Educazione affettiva nelle scuole, Marcello (Fdi) chiede chiarezza: "Quali progetti della Regione?"
Marcello: “Non è chiaro quante risorse vengano destinate ogni anno a questi percorsi, né quali siano nel dettaglio i contenuti proposti”
Il tema dell’educazione affettiva e sessuale nelle scuole torna al centro del dibattito politico regionale. Il consigliere regionale di Fratelli d'Italia Nicola Marcello ha presentato un’interrogazione a risposta orale in Commissione, rivolta alla Giunta dell’Emilia-Romagna, per fare chiarezza su obiettivi, contenuti, risorse e modalità dei progetti promossi sul territorio regionale.

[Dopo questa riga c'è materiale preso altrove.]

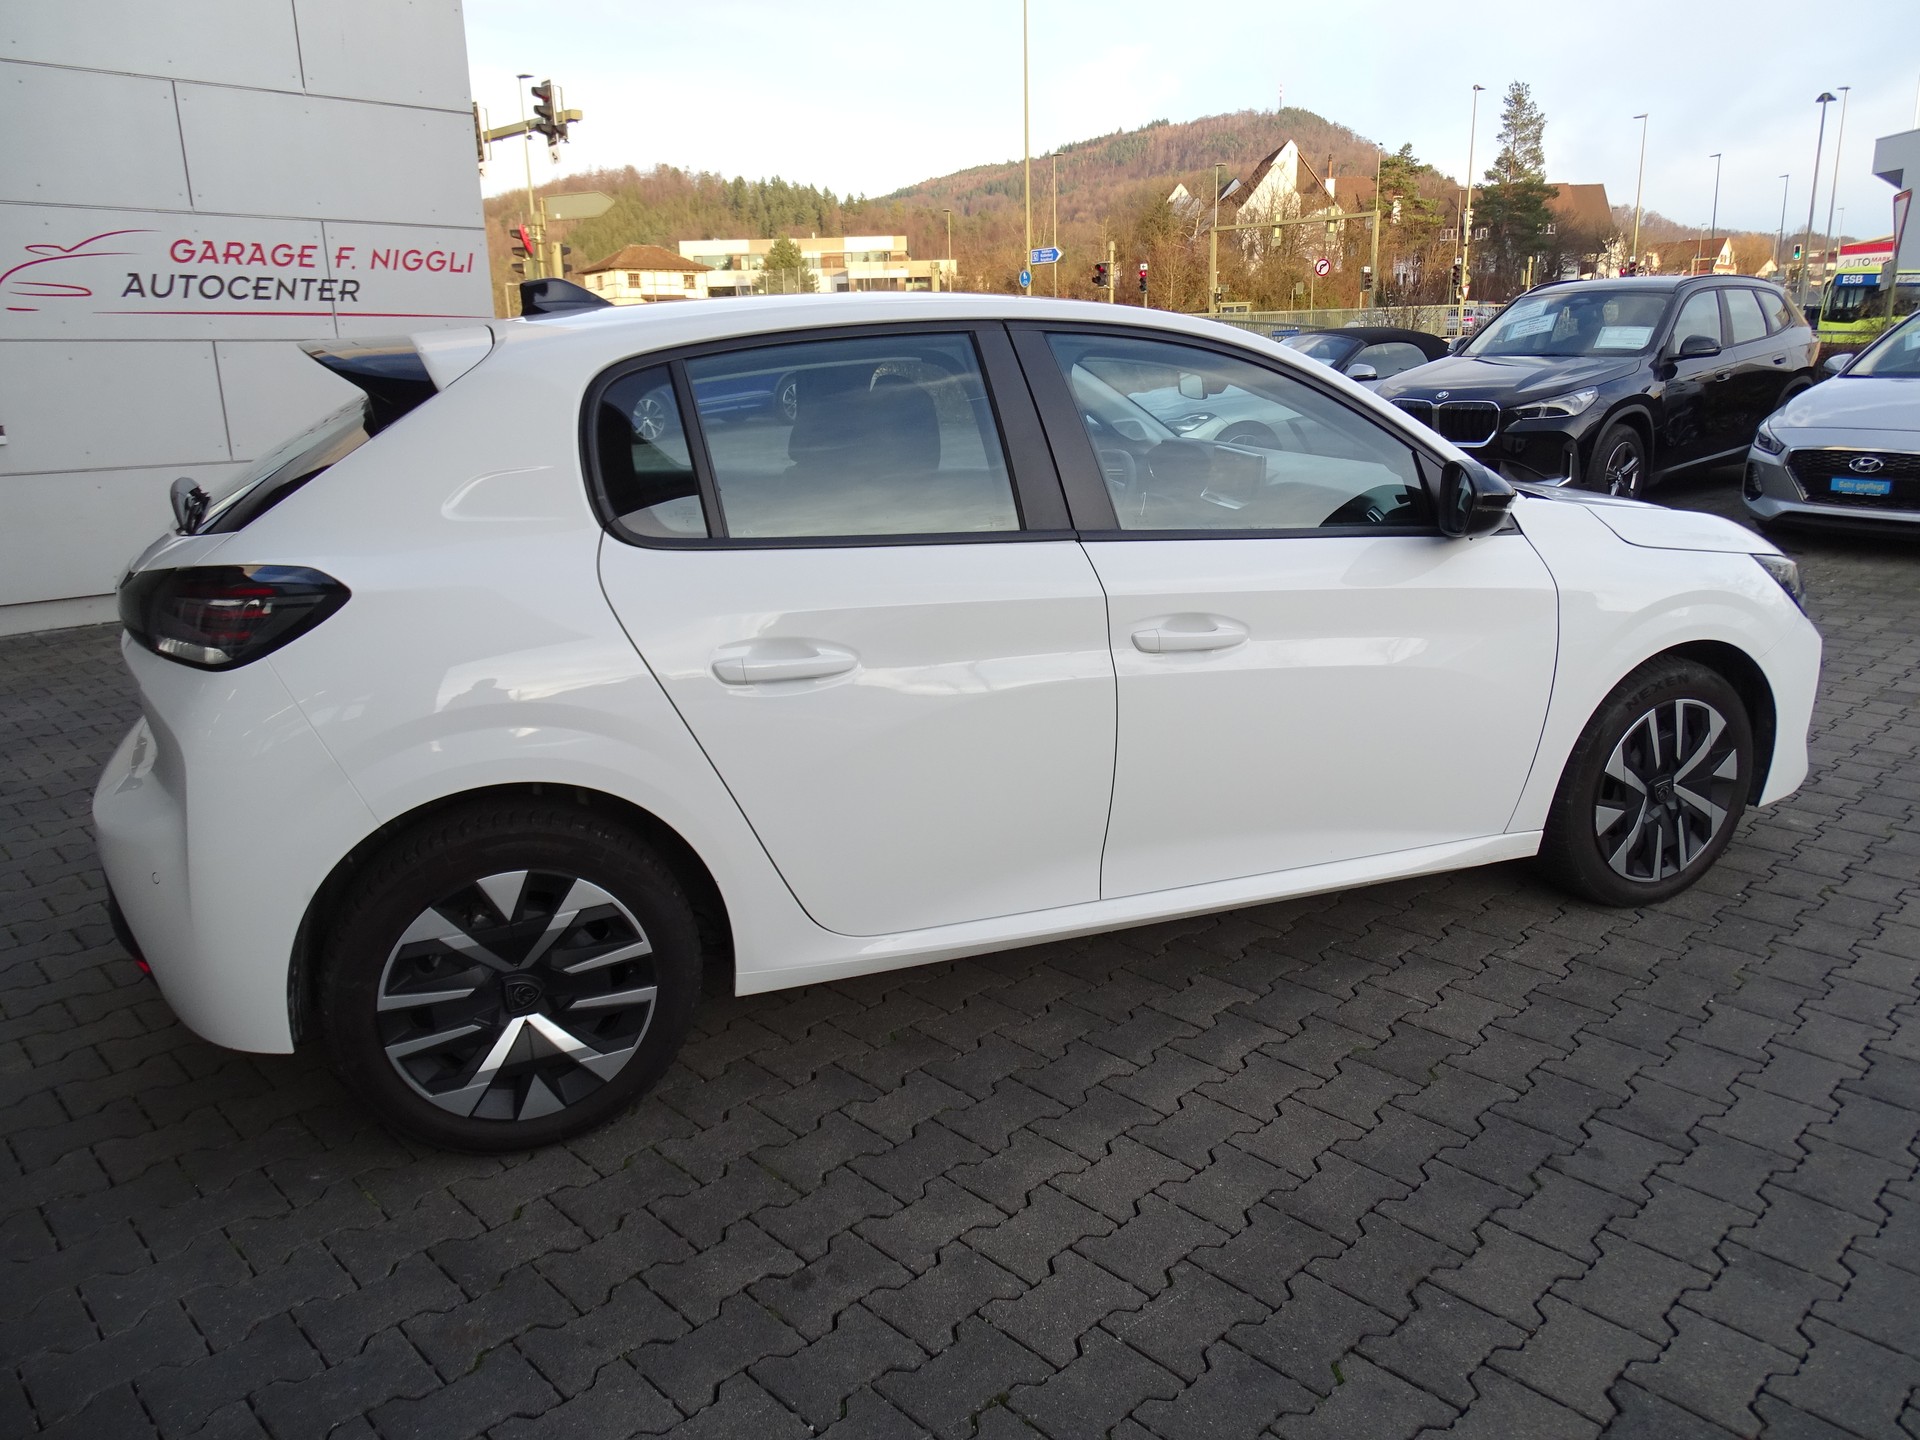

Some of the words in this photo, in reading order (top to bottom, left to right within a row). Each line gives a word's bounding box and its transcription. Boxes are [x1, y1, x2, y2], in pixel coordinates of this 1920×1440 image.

Secondo Marcello, il dibattito rischia spesso di sovrapporre due piani distinti: da un lato l’educazione all’affettività e al rispetto reciproco, considerata un elemento importante della crescita relazionale degli studenti; dall’altro l’educazione sessuale in senso stretto, che coinvolge aspetti intimi e biologici e che, proprio per questo, richiede particolare cautela e un pieno coinvolgimento delle famiglie.
Nel mirino dell’interrogazione finiscono le iniziative attivate in Emilia-Romagna nell’ambito della legge regionale n. 19 del 2018 e del Piano regionale della prevenzione 2021–2025, che includono programmi di promozione della salute nelle scuole. Tra questi viene citato anche il progetto “W l’Amore”, promosso da alcune Ausl e sostenuto dalla Regione, rivolto in particolare agli adolescenti.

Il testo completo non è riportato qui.